Неясность формулировок, отождествление характера и темперамента, нерасчлененность свойств интеллекта и «психических особенностей» способствовали произвольному обнаружению этих качеств в исследуемом этническом объекте. Очевидную субъективность, присущую любому наблюдателю, усугубляла и неопределенность некоторых понятий. Осложняло нравоописание и то обстоятельство, что в ответах необходимо было указывать специфические качества народа. Многие, правда, отдавали себе отчет в существенных сословных различиях и стремились сравнивать качества описываемой этнической группы только с теми свойствами, которые, как они полагали, присущи не «своему» народу в целом, а лишь его социальным низам, – разумеется, в том виде, в каком они себе их представляли.
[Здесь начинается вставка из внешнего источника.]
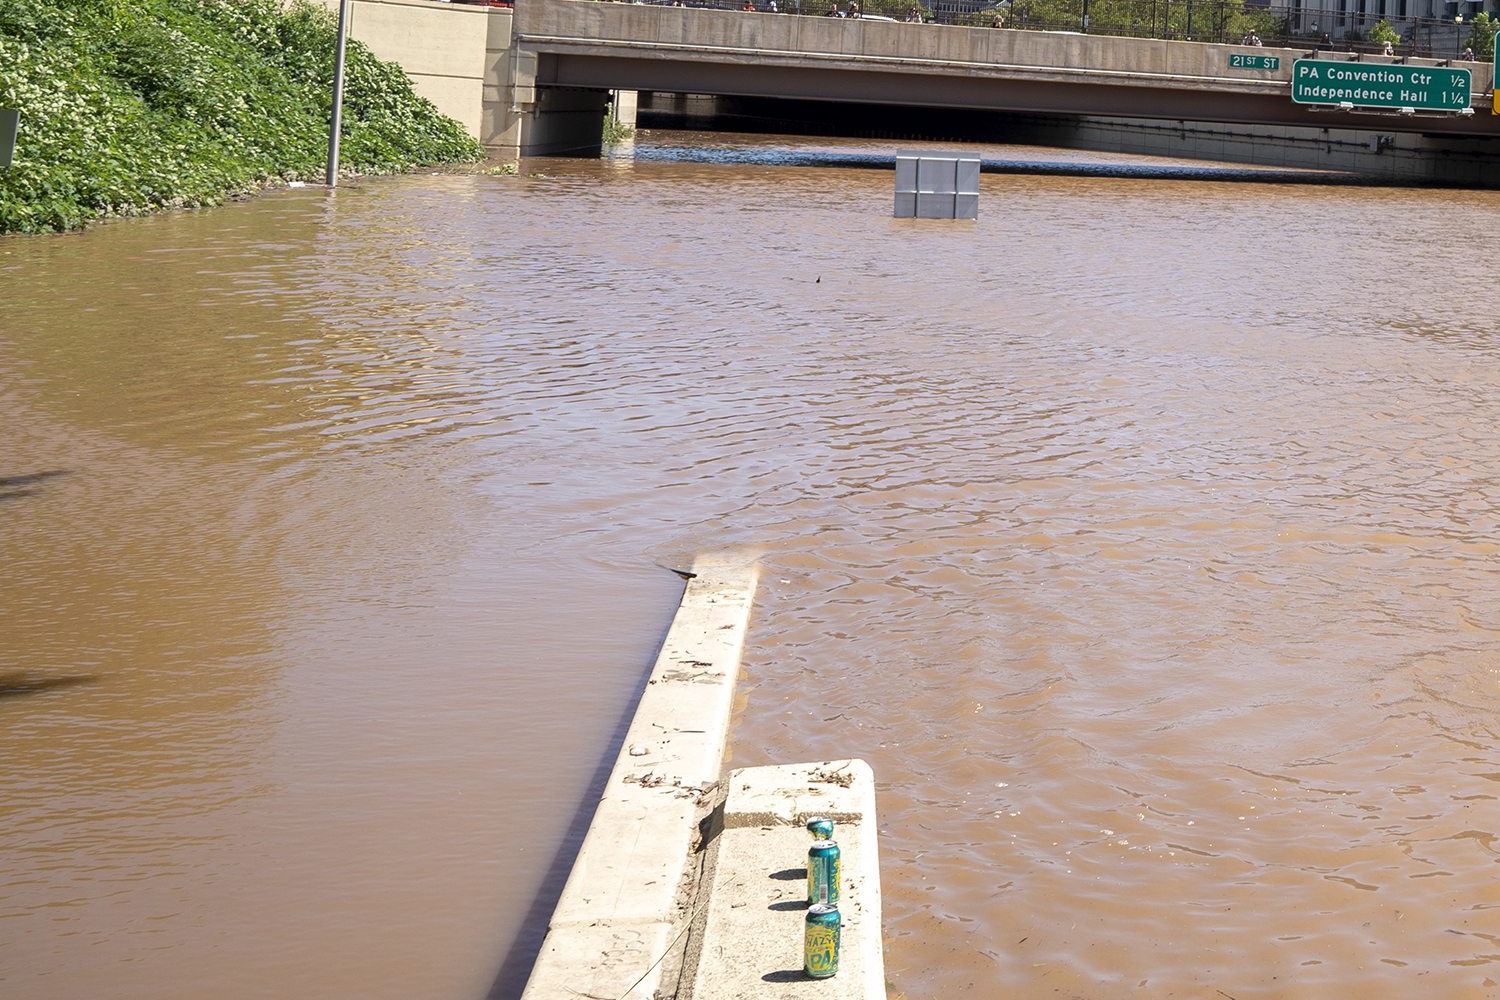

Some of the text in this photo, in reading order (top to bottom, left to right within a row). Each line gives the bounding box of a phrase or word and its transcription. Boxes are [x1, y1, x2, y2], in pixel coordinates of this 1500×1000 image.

Не только научные, но и обыденные взгляды на этническое включали убежденность в объективно существующих отличиях в характере народов, поэтому стремление увидеть их при первом же знакомстве с культурой и жизнью «других» легко реализовывалось. То, что в путевых заметках могло быть воспринято как первое впечатление или результат размышлений автора, в этнографических описаниях приобретало статус научного знания. Твердая убежденность работавших по программам в «поле» «описателей» и «аналитиков», составлявших на их основании научно-популярные компиляции – характеристики этносов, исключала сомнения в непреложной верности этнографического нарратива. Апологизация «научности», впрочем, была характерной и универсальной приметой времени и обладала значительным потенциалом «долговечности»[607]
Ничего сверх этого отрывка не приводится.